>>>>>

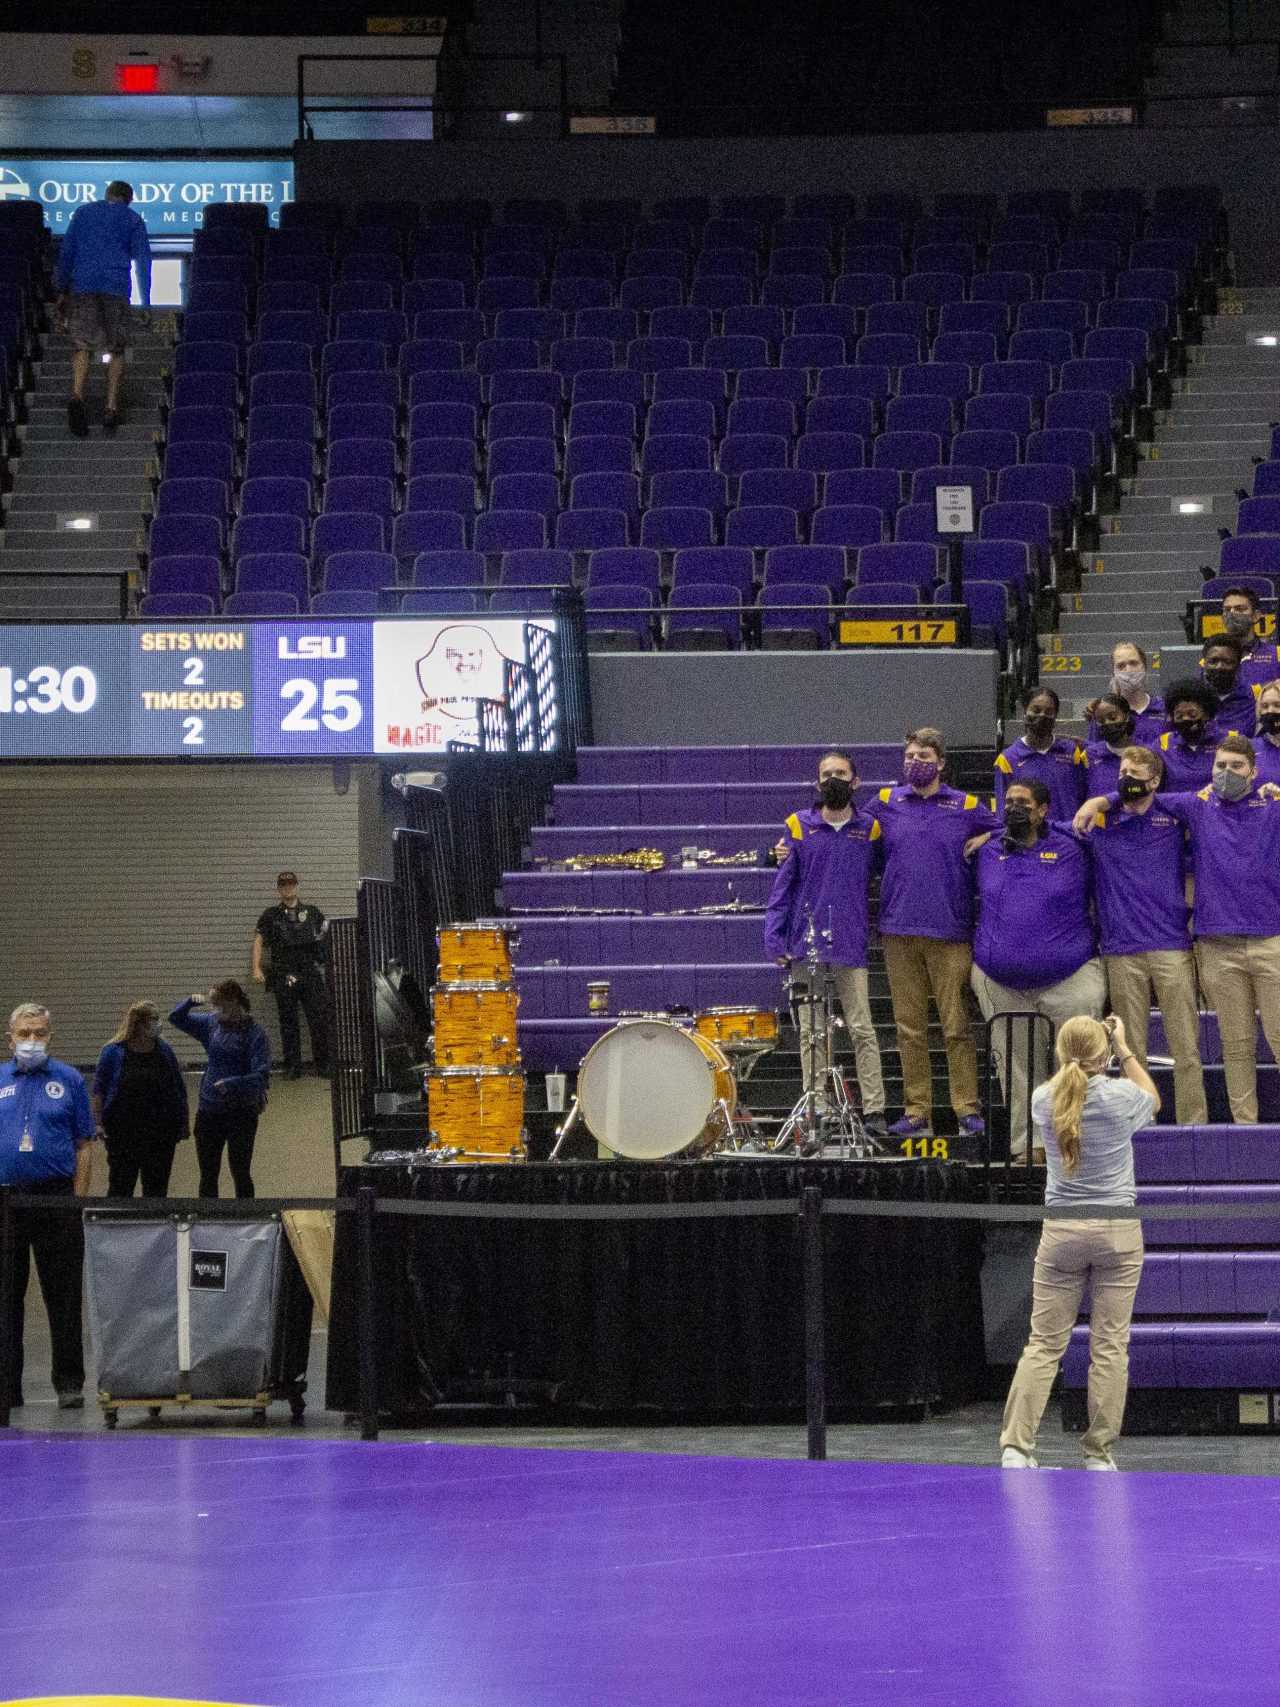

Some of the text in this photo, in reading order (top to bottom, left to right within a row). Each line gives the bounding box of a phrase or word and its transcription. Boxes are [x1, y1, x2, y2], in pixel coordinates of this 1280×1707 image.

[39, 180, 98, 203] OUR
[181, 183, 215, 203] OF
[220, 183, 274, 203] THE
[141, 632, 243, 652] SETS WON
[890, 623, 944, 641] 117
[279, 637, 346, 659] LSU
[183, 658, 205, 685] 2
[1042, 656, 1082, 672] 223
[142, 691, 244, 711] TIMEOUTS
[280, 679, 363, 732] 25
[183, 718, 205, 745] 2
[900, 1137, 949, 1160] 118

<<<<<

■ TASK OBJECTIVE: Using the data above, print every line exactly, omitting pictures.

■ OUTPUT OF THE TASK:
Some of the text in this photo, in reading order (top to bottom, left to right within a row). Each line gives the bounding box of a phrase or word and its transcription. Boxes are [x1, y1, x2, y2], in pixel coordinates of this 1280×1707 image.

[39, 180, 98, 203] OUR
[181, 183, 215, 203] OF
[220, 183, 274, 203] THE
[141, 632, 243, 652] SETS WON
[890, 623, 944, 641] 117
[279, 637, 346, 659] LSU
[183, 658, 205, 685] 2
[1042, 656, 1082, 672] 223
[142, 691, 244, 711] TIMEOUTS
[280, 679, 363, 732] 25
[183, 718, 205, 745] 2
[900, 1137, 949, 1160] 118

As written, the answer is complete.